BEGIN DATASET EXCERPTS

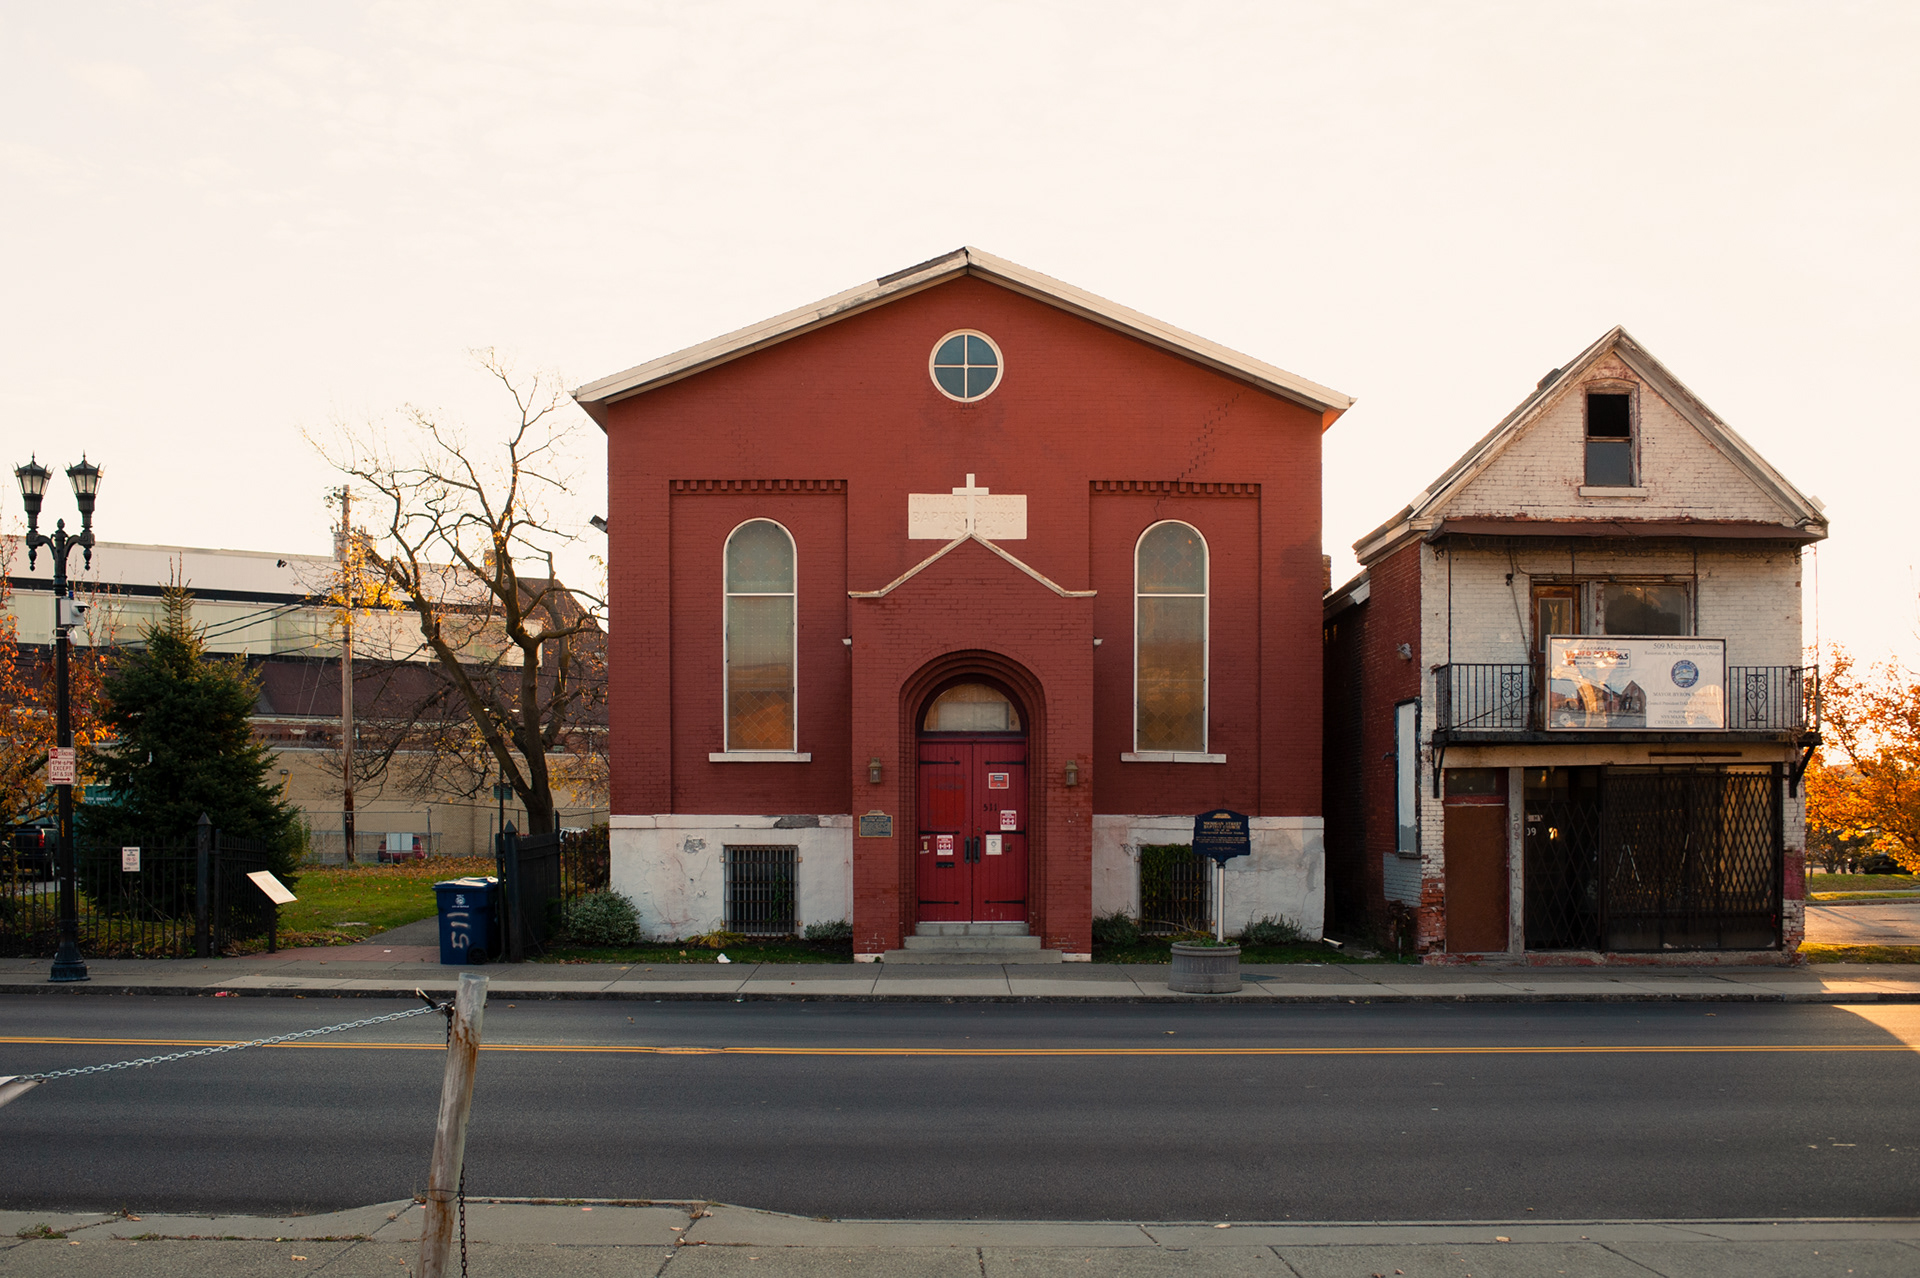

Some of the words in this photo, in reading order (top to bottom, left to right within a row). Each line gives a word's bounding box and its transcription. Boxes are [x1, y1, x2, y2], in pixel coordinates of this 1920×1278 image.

[912, 511, 967, 523] BAPTIST
[1666, 643, 1696, 651] Michigan
[983, 803, 998, 812] 511
[446, 912, 470, 948] 511
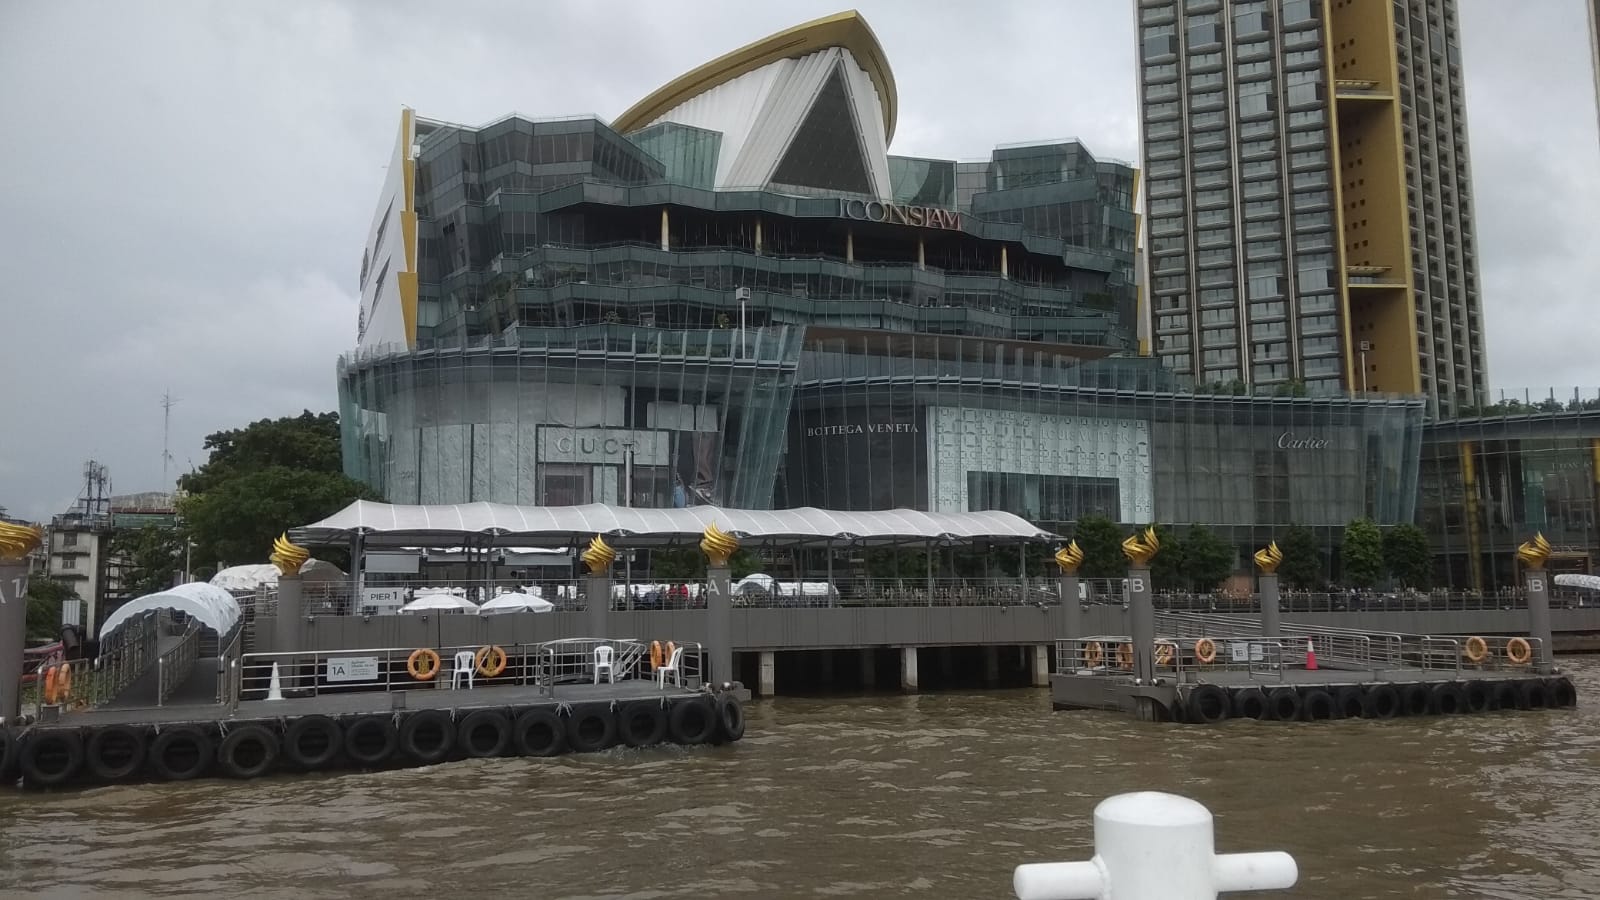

END DATASET EXCERPTS

_ACTIVITY_
What is needed is a word-for-word transcription of all the entries, with the pictures dropped.

_RESPONSE TO THIS TASK_
Some of the words in this photo, in reading order (top to bottom, left to right within a row). Each line gives a word's bounding box and its transcription. Boxes are [x1, y1, x2, y2], in pixel coordinates of this 1920×1278 image.

[912, 511, 967, 523] BAPTIST
[1666, 643, 1696, 651] Michigan
[983, 803, 998, 812] 511
[446, 912, 470, 948] 511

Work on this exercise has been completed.